Biotin-HRP or HRP (5 μg/mL) were adsorbed onto silk films modified with avidin or carboxylate activation. HRP activity was monitored via TMB cleavage forming a blue chromophore detected at 650 nm (15 s between each measurement). Data were normalized to first recorded value for each well. A faster rate of change (higher slope) indicates greater HRP activity. (A) All kinetic curves are displayed with the same y-axis for direct comparison. To more readily make comparisons (B) AB-H and E/NB-H are compared, (C) AH and E/NH are compared, and (D) B-H and H are compared. AB-H modified silk films had the highest HRP activity. Data are presented as mean ± SEM of three independent experiments with 3-6 samples each. Key: AB-H: Avidin with Biotin-HRP; AH: Avidin with HRP; E/NB-H: EDC/NHS with Biotin-HRP; E/NH: EDC/NHS with HRP; B-H: Biotin-HRP background control; H: HRP background control well.

Figure 4.. A-HRP release from silk films over time.

Rate of release of A-HRP from silk film for different time intervals sampled. Rates were determined from time points in the linear region of A-HRP activity curve using TMB as the substrate. Detectable quantities of desorbed A-HRP were observed for both group studies. When A-HRP was adsorbed overnight (black bars) versus for 1-hour (white bars), increased levels of HRP were detected after 19.75 h of release. Data were normalized to first recorded value for each well and are representative of three independent experiments with 8 samples per time point (**p < 0.01, ***p < 0.001 when comparing overnight to 1-hour samples).

Figure 5.. Metabolic activity of hFF on modified silk films.

Normalized fluorescence of resazurin after incubation with hFF cells following (A) 1 d, (B) 3 d, (C) or 7 d of culture. Data shown as average with SEM (N = 5 with 4 samples for experimental groups and 2 samples for protein binding, *p < 0.05; **p < 0.01 as compared to silk only controls). All values normalized to the average fluorescence for day 1 silk only wells. H indicates 10⁻⁷ M. L indicates 10⁻⁸ M. + indicates inclusion, − indicates exclusion. TCP is tissue culture-treated plastic.

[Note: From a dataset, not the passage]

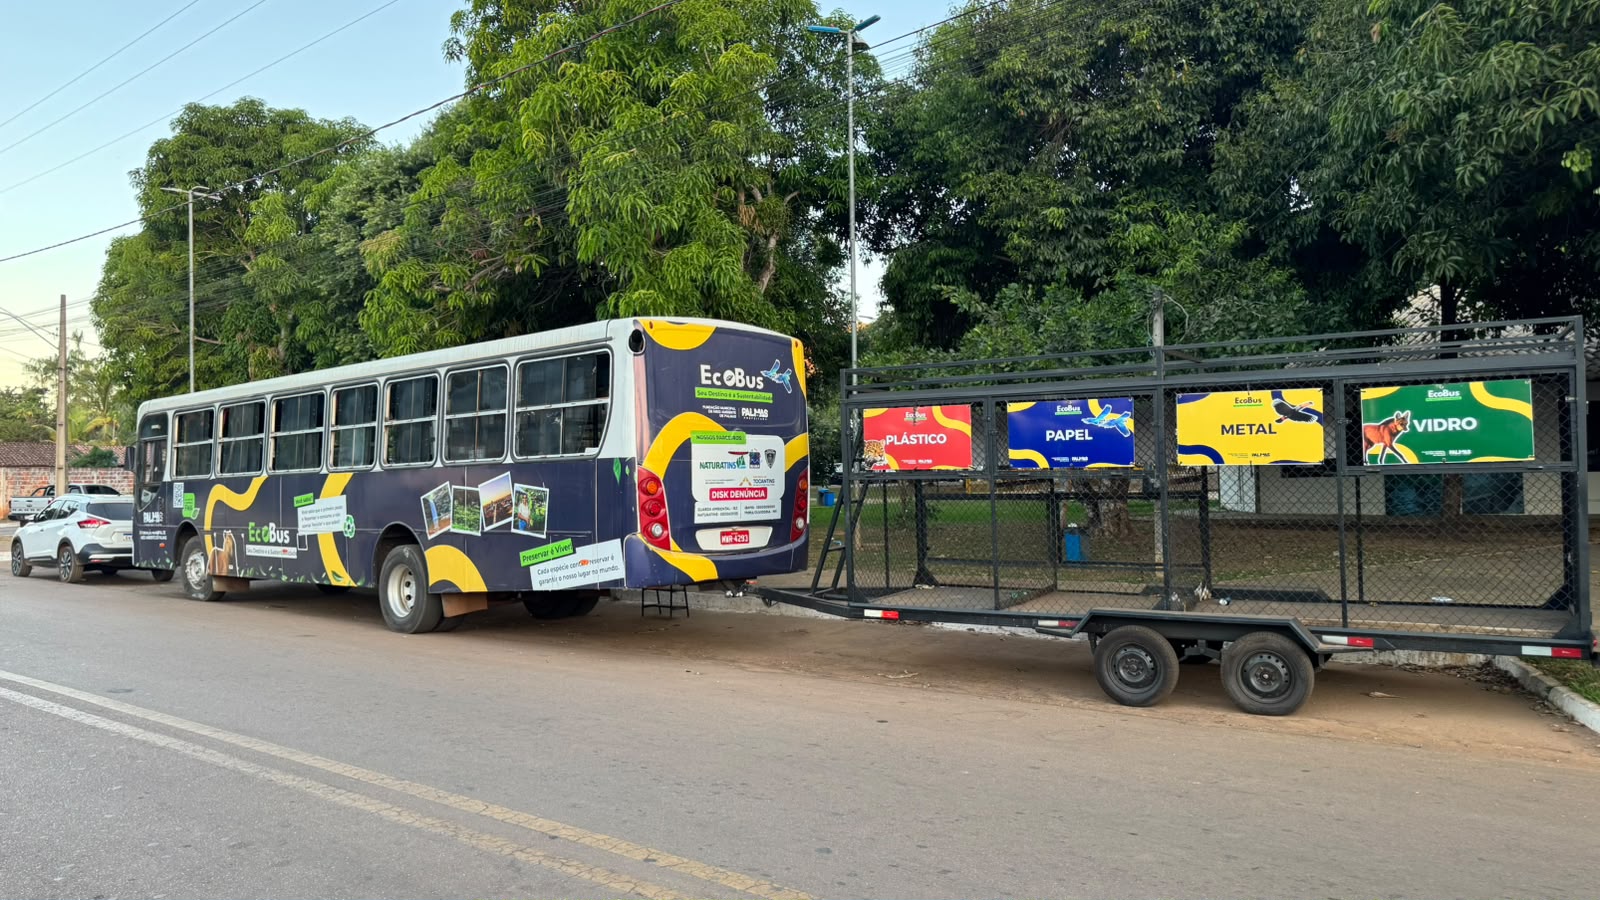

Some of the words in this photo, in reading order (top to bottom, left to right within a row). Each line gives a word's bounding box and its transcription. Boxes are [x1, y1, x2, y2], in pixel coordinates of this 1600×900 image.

Figure 6.. Metabolic activity of hMSCs on modified silk films.

Normalized fluorescence of resazurin incubated with hMSCs after 7 d of culture. Data shown as average with standard deviation from a single experiment with four samples. All values are normalized to the average fluorescence for hMSCs cultured for 1 day on silk only wells (*p < 0.05; **p < 0.01 as compared to silk only controls). H indicates 10⁻⁷ M. L indicates 10⁻⁸ M. + indicates inclusion, − indicates exclusion. TCP is tissue culture-treated plastic.